It’s hard to explain how I would have experienced a place like this before I studied biomimicry other than I would have thought the birds were interesting and lovely. I probably would have noticed their shapes and maybe personalities and definitely their colors (as artists do).

But my experience this time was completely different. I was noticing how the claws were shaped and what they were made of and what their purpose would be in relation to eating/hunting/foraging/climbing. I was noticing how their heads turned, how deeply inset their eyes were, where their eyes were placed, how their eyelids were shaped and why they might be shaped that way.

Our guide was fantastic in their knowledge and I was soaking it all up and (amazingly) automatically thinking about how it could be applied to design over and over again! Whereas, previously I would have just thought it an interesting tidbit of knowledge.

And, of course, not forgetting my objective, I was able to get a closer look at the feathers and really see all the research I had done in action. I was able to listen to how some of the feathers make noise because of their shape and structure whereas some are nearly silent.

Beyond that, the Raptor Center also did speak about native habitats and Prairie Lands which also tied into other research I had been doing in sustainability and the effects of fossil fuels and mining, and reminds us once again that nature is an entire ecosystem. These birds aren’t just independent bits of nature. They are part of an ecosystem and we need all parts of that ecosystem healthy for them to thrive.

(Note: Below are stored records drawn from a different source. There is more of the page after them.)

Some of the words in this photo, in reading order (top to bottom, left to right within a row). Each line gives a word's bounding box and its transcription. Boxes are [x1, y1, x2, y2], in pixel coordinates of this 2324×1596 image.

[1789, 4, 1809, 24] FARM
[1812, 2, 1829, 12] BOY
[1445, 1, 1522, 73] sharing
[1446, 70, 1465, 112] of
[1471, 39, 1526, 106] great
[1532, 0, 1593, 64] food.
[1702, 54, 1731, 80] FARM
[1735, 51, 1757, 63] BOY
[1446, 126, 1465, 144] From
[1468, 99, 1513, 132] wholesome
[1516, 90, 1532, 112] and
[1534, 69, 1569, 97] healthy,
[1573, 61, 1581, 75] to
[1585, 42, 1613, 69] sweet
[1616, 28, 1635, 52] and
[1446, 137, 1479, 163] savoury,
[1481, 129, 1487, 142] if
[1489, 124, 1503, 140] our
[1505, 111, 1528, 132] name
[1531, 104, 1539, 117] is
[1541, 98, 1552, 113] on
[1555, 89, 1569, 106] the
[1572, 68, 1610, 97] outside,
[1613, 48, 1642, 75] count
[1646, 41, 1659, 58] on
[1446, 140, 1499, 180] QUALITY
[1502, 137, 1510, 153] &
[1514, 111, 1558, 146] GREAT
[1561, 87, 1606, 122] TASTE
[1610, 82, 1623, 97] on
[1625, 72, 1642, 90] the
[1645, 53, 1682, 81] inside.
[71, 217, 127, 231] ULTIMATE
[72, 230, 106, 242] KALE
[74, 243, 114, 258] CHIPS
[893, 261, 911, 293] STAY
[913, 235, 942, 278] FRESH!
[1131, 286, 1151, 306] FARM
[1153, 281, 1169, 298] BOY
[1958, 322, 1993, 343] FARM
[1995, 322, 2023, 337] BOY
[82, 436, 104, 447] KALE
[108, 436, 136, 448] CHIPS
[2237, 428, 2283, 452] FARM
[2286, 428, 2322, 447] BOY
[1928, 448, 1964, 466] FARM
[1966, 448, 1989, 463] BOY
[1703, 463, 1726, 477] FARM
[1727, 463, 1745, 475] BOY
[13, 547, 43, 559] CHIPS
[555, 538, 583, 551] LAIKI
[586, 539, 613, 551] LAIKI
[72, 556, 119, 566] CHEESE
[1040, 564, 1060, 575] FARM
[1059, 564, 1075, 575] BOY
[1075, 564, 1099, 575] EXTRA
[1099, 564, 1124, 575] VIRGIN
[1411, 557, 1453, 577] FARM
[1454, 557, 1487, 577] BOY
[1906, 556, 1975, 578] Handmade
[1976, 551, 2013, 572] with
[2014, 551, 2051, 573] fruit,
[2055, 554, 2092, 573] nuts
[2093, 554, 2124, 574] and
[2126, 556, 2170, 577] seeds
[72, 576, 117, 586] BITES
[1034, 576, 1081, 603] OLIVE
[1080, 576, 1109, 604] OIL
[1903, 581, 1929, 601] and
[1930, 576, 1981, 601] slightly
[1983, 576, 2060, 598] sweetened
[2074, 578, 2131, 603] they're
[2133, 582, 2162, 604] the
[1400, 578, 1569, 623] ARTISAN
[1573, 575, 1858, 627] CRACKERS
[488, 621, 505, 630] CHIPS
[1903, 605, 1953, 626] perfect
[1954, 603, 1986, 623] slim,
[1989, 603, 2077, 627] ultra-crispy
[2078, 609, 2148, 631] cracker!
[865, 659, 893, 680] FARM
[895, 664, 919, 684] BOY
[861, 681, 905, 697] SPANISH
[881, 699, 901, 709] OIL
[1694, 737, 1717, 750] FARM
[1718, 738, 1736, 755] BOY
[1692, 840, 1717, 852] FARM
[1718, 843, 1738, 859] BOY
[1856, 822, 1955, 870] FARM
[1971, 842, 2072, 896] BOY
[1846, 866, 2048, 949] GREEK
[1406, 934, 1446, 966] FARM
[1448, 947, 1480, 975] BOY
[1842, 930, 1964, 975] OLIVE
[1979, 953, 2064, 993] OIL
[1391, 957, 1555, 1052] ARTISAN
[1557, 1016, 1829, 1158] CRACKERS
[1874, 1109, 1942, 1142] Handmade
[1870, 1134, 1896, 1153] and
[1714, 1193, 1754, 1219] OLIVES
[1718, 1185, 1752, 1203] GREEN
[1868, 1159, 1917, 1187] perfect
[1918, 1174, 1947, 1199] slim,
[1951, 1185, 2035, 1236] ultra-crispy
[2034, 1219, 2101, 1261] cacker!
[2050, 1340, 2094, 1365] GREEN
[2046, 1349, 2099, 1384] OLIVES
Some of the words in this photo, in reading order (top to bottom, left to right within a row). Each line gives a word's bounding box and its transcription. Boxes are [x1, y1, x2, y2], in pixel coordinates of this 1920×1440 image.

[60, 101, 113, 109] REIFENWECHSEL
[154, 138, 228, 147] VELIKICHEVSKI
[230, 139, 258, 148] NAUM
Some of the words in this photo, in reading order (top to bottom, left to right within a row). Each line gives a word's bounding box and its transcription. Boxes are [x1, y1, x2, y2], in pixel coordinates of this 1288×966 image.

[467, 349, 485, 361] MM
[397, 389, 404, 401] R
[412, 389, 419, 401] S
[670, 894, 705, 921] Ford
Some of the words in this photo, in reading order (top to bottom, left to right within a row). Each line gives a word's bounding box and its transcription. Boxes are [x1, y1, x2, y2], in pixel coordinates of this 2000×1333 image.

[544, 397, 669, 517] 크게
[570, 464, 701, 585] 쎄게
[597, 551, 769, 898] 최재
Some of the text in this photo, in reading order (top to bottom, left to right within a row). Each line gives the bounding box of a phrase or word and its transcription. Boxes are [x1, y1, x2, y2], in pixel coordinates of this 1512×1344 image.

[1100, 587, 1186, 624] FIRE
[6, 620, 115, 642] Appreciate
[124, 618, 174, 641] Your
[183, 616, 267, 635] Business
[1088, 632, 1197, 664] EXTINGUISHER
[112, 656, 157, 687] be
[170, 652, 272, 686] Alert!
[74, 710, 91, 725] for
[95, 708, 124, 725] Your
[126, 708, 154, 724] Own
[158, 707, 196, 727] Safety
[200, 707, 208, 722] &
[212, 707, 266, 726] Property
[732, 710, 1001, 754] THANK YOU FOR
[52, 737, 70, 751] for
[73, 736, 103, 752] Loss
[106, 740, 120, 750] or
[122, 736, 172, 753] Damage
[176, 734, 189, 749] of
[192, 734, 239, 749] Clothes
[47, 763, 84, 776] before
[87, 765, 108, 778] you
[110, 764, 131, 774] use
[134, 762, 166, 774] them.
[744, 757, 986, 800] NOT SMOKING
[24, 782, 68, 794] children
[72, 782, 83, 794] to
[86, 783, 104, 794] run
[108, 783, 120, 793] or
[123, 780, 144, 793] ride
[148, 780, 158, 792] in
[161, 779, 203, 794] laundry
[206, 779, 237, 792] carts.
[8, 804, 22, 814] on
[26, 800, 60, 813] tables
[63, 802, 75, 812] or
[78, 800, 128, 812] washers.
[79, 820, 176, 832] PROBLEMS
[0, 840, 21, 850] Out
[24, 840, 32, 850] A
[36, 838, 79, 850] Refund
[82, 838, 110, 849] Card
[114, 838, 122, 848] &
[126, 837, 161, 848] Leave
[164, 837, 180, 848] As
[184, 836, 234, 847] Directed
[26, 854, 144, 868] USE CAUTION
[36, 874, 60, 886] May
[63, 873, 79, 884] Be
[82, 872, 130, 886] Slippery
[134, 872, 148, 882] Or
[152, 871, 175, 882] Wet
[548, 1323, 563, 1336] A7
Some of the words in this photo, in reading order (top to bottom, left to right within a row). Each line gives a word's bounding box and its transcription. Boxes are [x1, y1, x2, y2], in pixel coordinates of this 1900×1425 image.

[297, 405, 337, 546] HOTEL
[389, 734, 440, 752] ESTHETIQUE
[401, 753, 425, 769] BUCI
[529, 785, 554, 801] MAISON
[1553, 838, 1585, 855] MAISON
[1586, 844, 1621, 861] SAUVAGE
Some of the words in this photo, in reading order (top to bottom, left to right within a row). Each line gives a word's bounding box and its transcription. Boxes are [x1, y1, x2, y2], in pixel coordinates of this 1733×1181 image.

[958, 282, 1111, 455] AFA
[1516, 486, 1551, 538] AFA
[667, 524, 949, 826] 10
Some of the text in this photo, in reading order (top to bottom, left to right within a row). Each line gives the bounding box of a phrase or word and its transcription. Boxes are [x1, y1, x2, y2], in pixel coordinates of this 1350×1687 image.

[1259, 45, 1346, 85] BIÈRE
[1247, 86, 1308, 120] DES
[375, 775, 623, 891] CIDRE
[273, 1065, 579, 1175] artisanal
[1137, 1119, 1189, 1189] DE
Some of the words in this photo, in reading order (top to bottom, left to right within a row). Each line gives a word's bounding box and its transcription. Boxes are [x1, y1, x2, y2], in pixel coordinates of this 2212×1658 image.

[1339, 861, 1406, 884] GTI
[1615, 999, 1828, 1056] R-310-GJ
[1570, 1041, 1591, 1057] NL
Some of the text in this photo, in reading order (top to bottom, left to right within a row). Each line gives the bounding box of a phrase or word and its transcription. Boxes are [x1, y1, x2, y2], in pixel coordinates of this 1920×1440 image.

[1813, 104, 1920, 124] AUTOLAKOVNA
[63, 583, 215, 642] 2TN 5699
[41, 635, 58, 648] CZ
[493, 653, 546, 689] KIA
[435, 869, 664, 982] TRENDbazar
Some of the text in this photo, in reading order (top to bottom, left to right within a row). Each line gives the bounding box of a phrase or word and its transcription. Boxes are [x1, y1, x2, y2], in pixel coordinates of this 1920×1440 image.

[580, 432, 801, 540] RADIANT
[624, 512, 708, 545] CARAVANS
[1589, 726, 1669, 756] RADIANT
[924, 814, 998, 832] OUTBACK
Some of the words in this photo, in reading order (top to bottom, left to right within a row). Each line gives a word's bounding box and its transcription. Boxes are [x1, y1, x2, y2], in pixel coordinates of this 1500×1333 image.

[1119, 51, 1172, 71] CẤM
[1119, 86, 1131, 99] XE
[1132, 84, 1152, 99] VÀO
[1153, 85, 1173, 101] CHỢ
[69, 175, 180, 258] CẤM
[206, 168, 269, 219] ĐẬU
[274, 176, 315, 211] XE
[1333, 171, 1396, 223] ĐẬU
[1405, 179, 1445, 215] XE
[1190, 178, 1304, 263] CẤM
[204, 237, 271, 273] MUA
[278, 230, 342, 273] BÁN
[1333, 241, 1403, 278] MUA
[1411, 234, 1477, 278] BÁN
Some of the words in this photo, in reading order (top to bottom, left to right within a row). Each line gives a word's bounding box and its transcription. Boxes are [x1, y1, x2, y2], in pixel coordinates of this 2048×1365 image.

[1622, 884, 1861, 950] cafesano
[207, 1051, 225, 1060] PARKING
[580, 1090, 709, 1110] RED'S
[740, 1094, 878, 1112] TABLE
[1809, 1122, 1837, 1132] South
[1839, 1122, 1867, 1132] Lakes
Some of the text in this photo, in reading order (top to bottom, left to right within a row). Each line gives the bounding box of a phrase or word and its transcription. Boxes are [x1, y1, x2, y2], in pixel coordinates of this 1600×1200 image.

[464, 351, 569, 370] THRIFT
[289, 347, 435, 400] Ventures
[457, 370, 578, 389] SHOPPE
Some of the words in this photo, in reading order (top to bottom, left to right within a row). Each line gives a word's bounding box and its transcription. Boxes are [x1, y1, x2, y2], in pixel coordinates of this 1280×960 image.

I walked away from the raptor center, realizing something had completely shifted this past semester. The first thing I said to my husband was that I wanted to find more places like this to visit this year. In the past I would have been inspired by their colors and shapes and would have imagined some sort of beautiful artwork (well, I still do to be honest because nature is beautiful). BUT, now the combination of the knowledge of the guides and seeing the organisms up close, with my studies in biomimicry have opened up a new world this past semester and I’m so excited to see where it takes me.